For each record, copy the text exactly and omit any picture it holds.

··· Data supplied ···

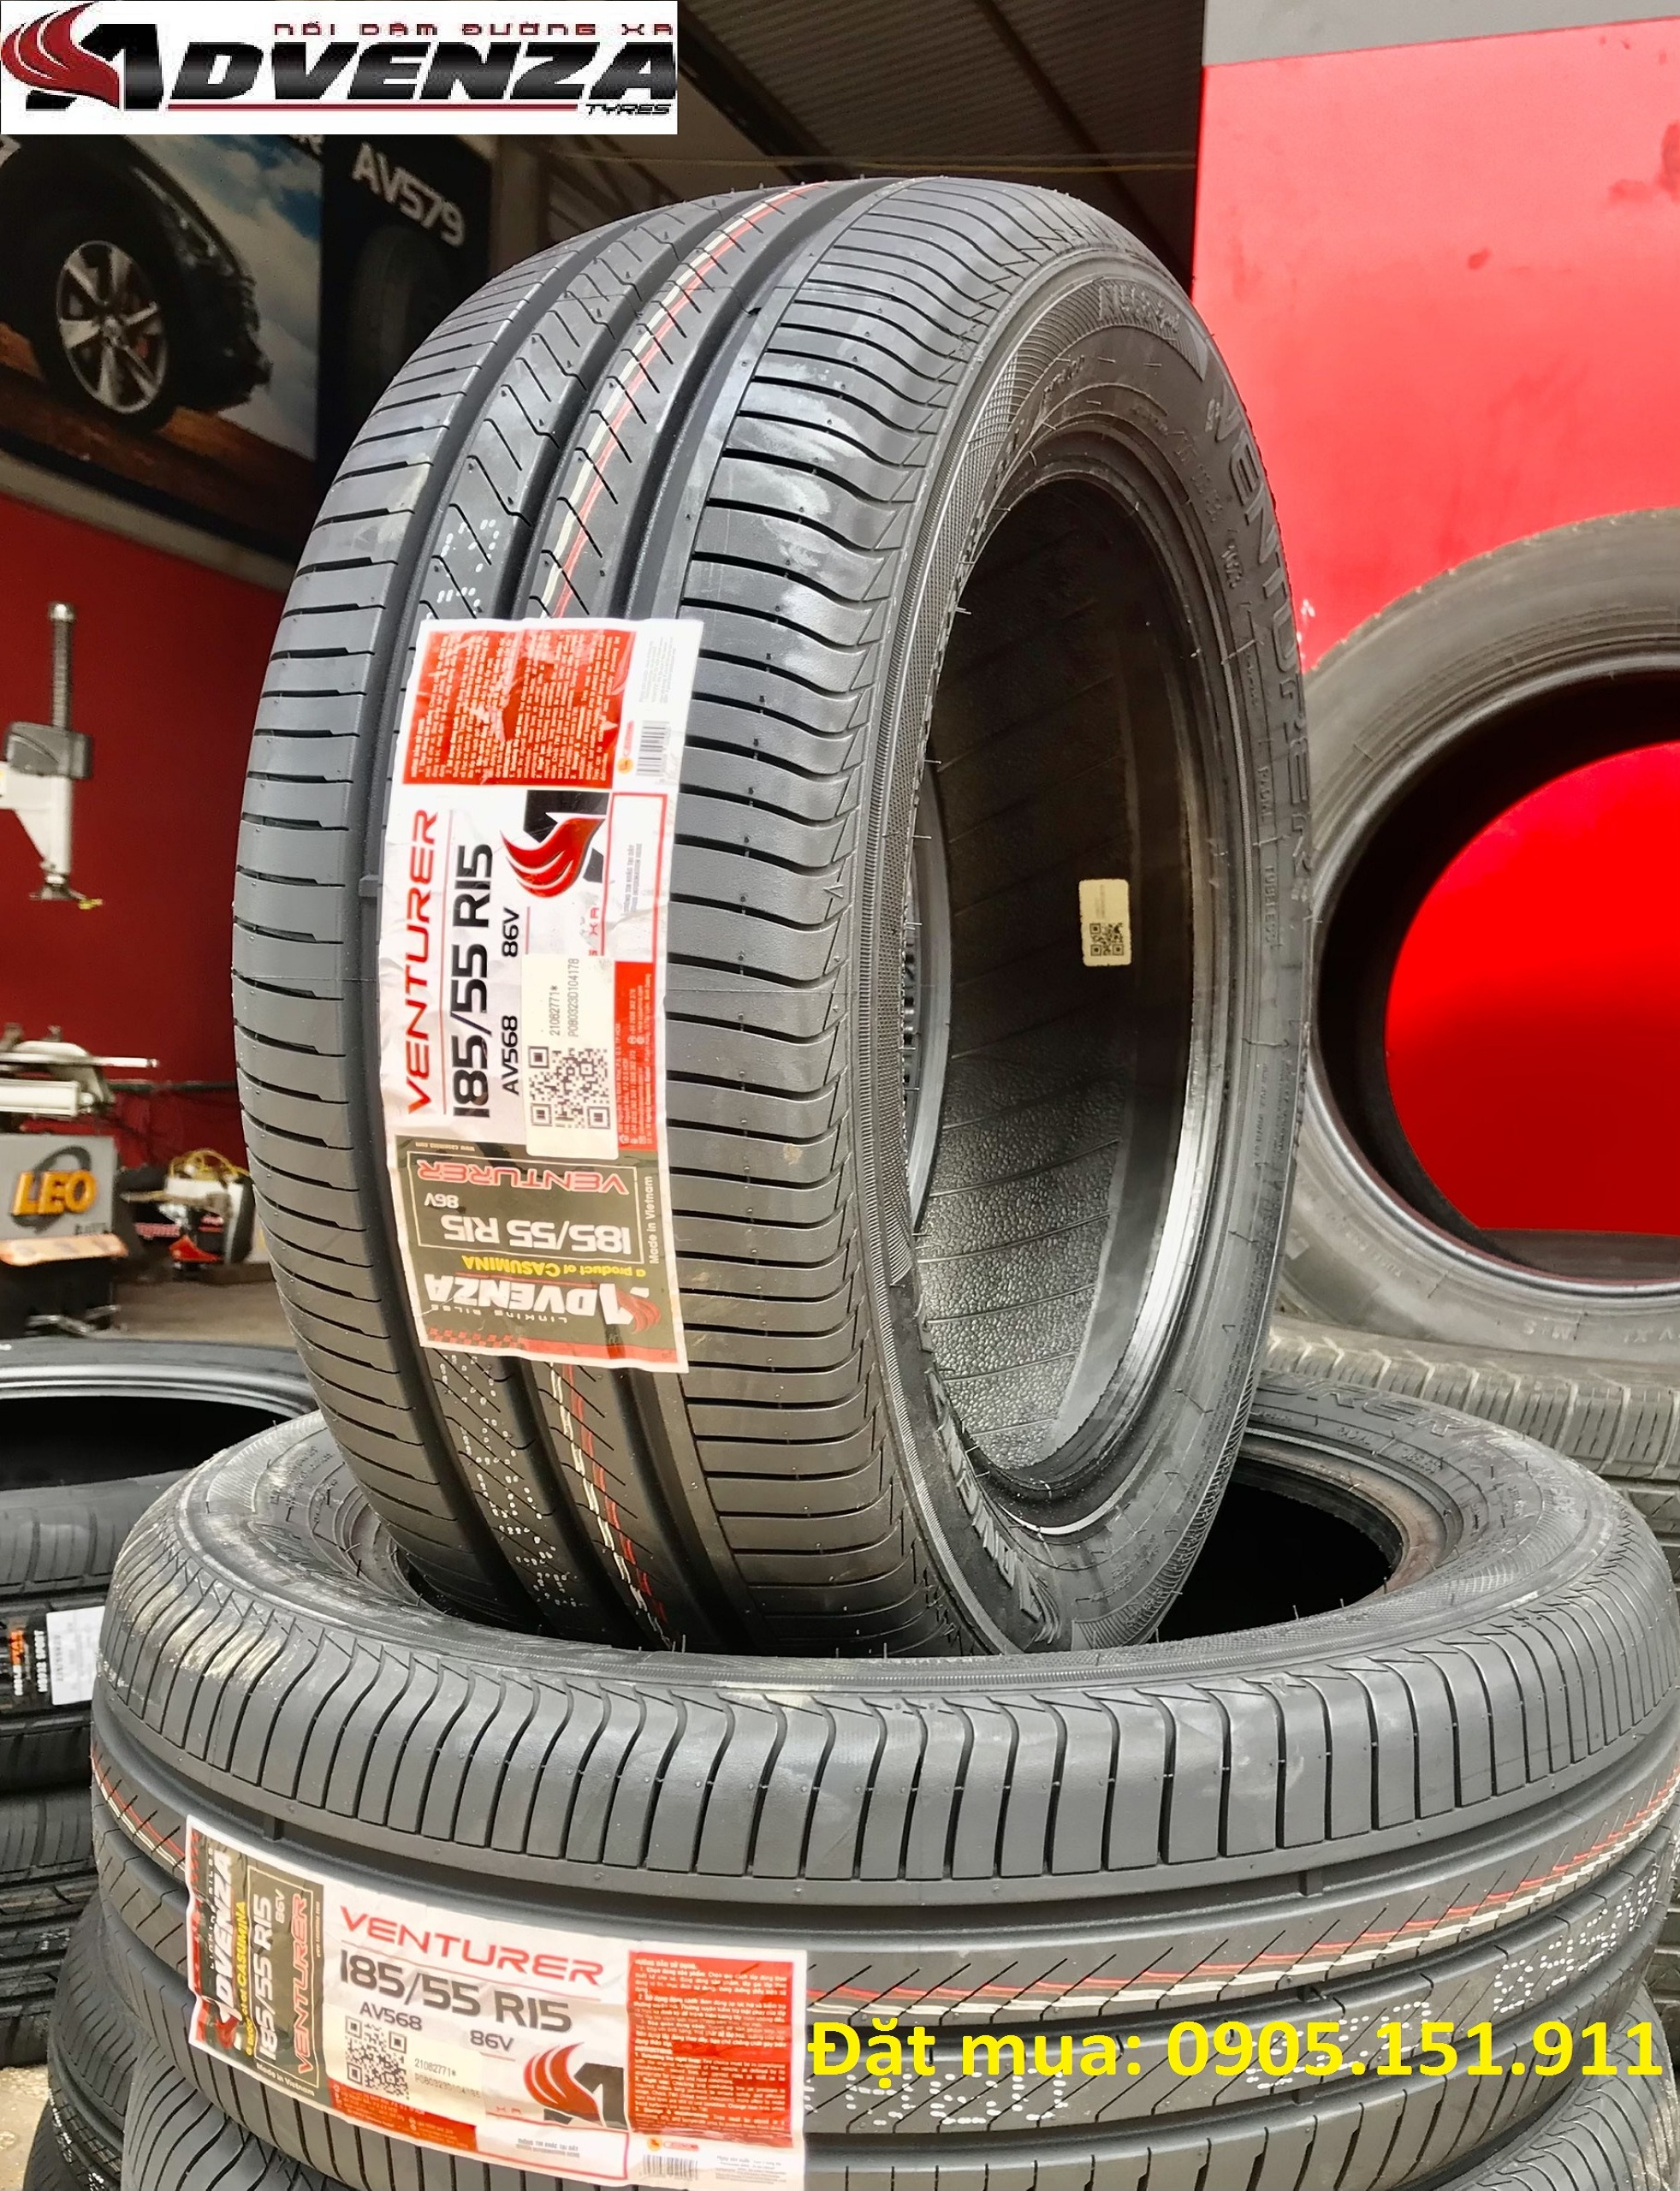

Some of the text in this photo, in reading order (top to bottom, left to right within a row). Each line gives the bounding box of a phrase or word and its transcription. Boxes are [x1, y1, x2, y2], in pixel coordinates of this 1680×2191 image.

[502, 906, 519, 957] 86V
[405, 810, 437, 1114] VENTURER
[450, 844, 492, 1119] 185/55 R15
[502, 1015, 519, 1096] AV568
[12, 1170, 98, 1217] LEO
[416, 1160, 629, 1195] VENTURER
[424, 1192, 459, 1208] 86V
[441, 1214, 632, 1254] 185/55 R15
[644, 1175, 661, 1264] Made in Vietnam
[462, 1256, 646, 1277] a product of CASUMINA
[424, 1274, 649, 1325] ADVENZA
[274, 1888, 286, 1924] 86V
[235, 1902, 248, 1991] CASUMINA
[340, 1905, 603, 1986] VENTURER
[253, 1894, 277, 2061] 185/55 R15
[292, 1892, 314, 2074] VENTURER
[341, 1950, 482, 2019] 185/55
[494, 1990, 573, 2033] R15
[359, 2001, 423, 2031] AV568
[470, 2030, 513, 2051] 86V

···

• **Answer space**:
Some of the text in this photo, in reading order (top to bottom, left to right within a row). Each line gives the bounding box of a phrase or word and its transcription. Boxes are [x1, y1, x2, y2], in pixel coordinates of this 1680×2191 image.

[502, 906, 519, 957] 86V
[405, 810, 437, 1114] VENTURER
[450, 844, 492, 1119] 185/55 R15
[502, 1015, 519, 1096] AV568
[12, 1170, 98, 1217] LEO
[416, 1160, 629, 1195] VENTURER
[424, 1192, 459, 1208] 86V
[441, 1214, 632, 1254] 185/55 R15
[644, 1175, 661, 1264] Made in Vietnam
[462, 1256, 646, 1277] a product of CASUMINA
[424, 1274, 649, 1325] ADVENZA
[274, 1888, 286, 1924] 86V
[235, 1902, 248, 1991] CASUMINA
[340, 1905, 603, 1986] VENTURER
[253, 1894, 277, 2061] 185/55 R15
[292, 1892, 314, 2074] VENTURER
[341, 1950, 482, 2019] 185/55
[494, 1990, 573, 2033] R15
[359, 2001, 423, 2031] AV568
[470, 2030, 513, 2051] 86V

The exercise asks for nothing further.